I put my arm around her and feel how tight she's holding herself under the calm, the slight stiffness through her shoulders that her body can't iron out even when her voice goes soft.
"Everything okay?" she says. "You've got the work voice."
"Florist drama." The lie comes easy, worn smooth, and it's vile in my mouth now in a way it never used to be. "Nothing that can't wait for morning."
"Mm." She doesn't push it. She's got her own thing she's not pushing, I can feel it, the secret sitting in her the way mine is sitting in me, and we lie there in the dark, two people each guarding the other from a truth, each sure the silence is a kindness.
Her heartbeat is too fast for a woman about to sleep. So is mine. Neither of us says so.
The room is quiet. The dark outside the window is the same dark it always is, the canyon going black below the ridge. Nothing different about it. Everything different about it.

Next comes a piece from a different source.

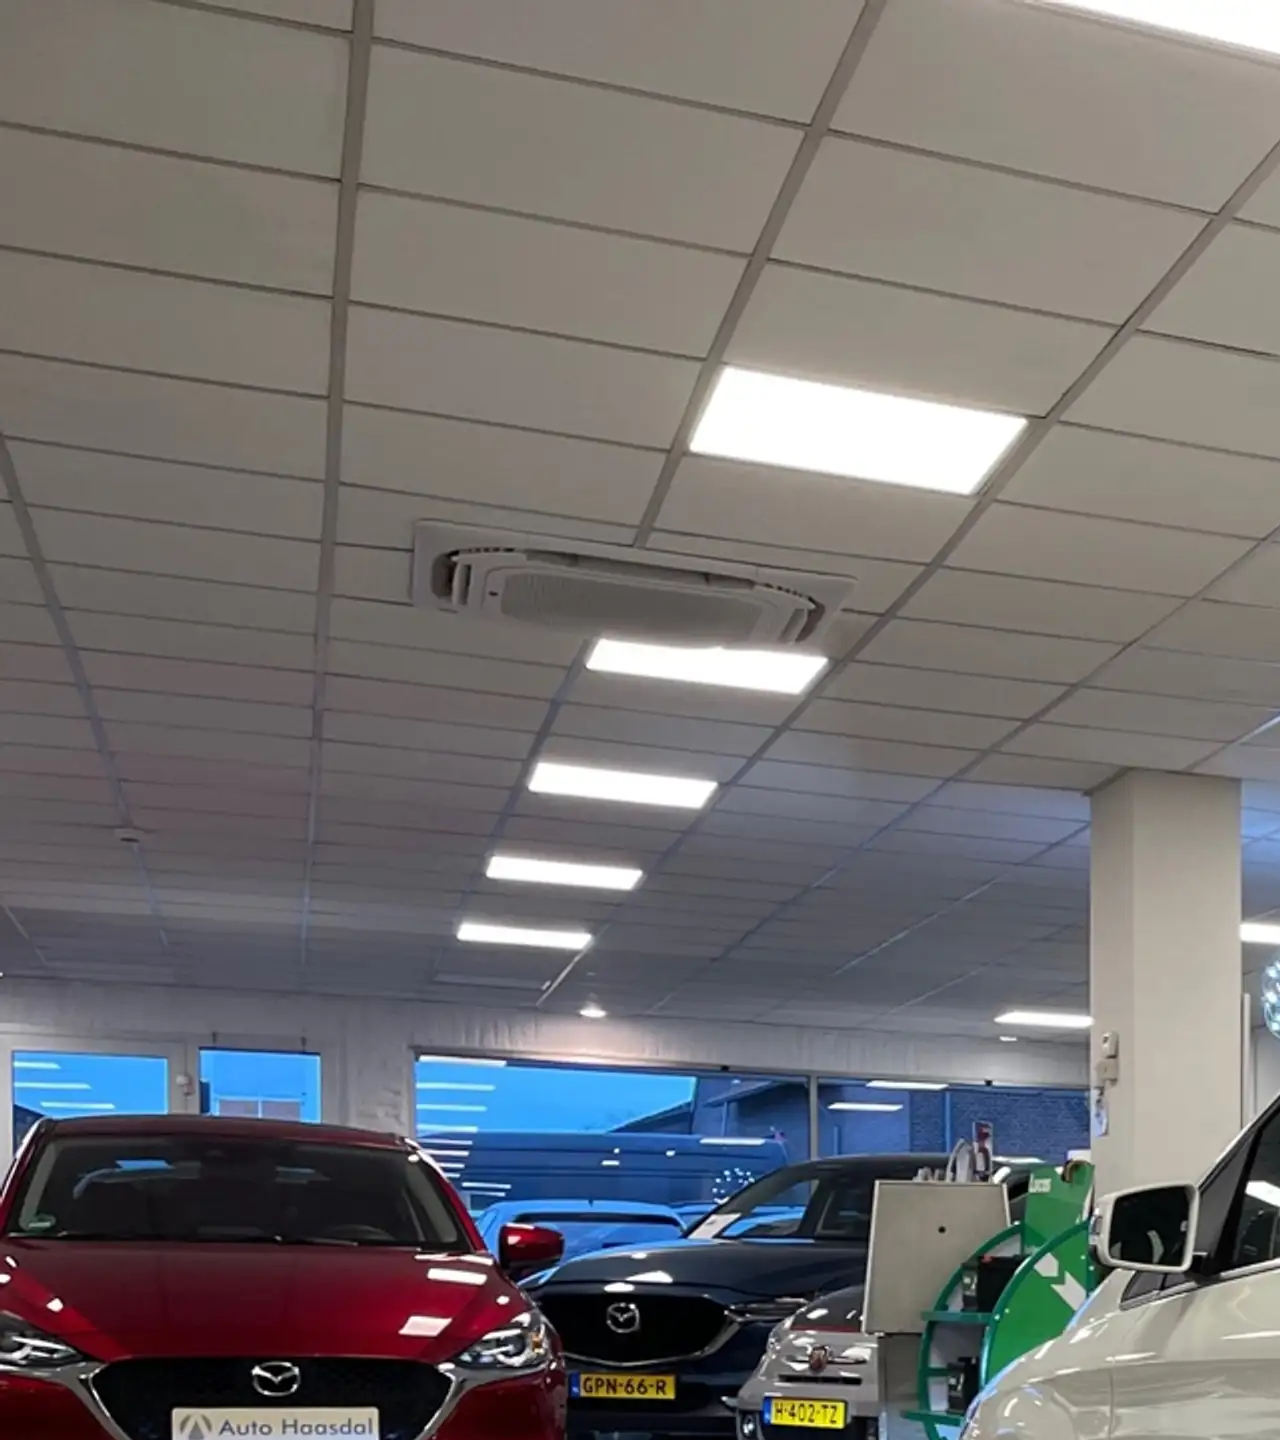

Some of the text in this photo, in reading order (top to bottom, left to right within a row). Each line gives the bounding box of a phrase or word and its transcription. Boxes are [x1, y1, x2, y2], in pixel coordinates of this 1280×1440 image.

She drifts eventually, or pretends to. I hold my wife and I don't sleep.
I think about a woman who looked at a cop with a badge and a grudge today, who decided the bigger danger was me, my temper, my freedom, my life, who chose to carry it alone rather than risk losing me to a cell. She lied to protect me. Nobody has ever protected me. People hire me to protect them.
The fact that she got it backward, that she put herself between me and my own worst instinct because she'd rather face a sheriff alone than bury me, takes something out of me that I don't have a word for. I don't want one.
I have been, for forty years, a man who knew the price of everything including himself.
I have invoiced, collected, waited. Every protection I have ever given came with terms attached, understood by both parties, no sentiment, no confusion about the arrangement.
What she did today has no number. She paid it out of something else entirely.
Touch what's mine, you lose what you touched with.
That rule has held for twenty years. The new fact is that "what's mine" now has a heartbeat separate from mine, in a room inside the woman I'm holding, and the rule is louder for it, not quieter.
If anything it's turned into something I can barely manage, a thing with teeth, and the only reason Hutchins is still breathing tonight is that a dead cop is a war on my front door the week my wife is four months along. Not mercy. Not restraint. Arithmetic.
I'm going to get into bed beside her and not tell her I know, because she needs to believe the lie held, because if she knows I know she'll know I'm going after him. She'll try to stop me, and I can't be stopped, not on this, not with a man's eyes still on her in my head.
So I'll lie too. We'll lie to each other in the dark, both of us sure we're doing it to keep the other one safe. Tomorrow I'll stand in front of Wade Hutchins and find out whose dog he is.
It's the worst decision I could make. I make it anyway, because there is something in this world I would rather die than fail to protect, and a man who would rather die for a thing has already lost the only fight that ever kept him careful.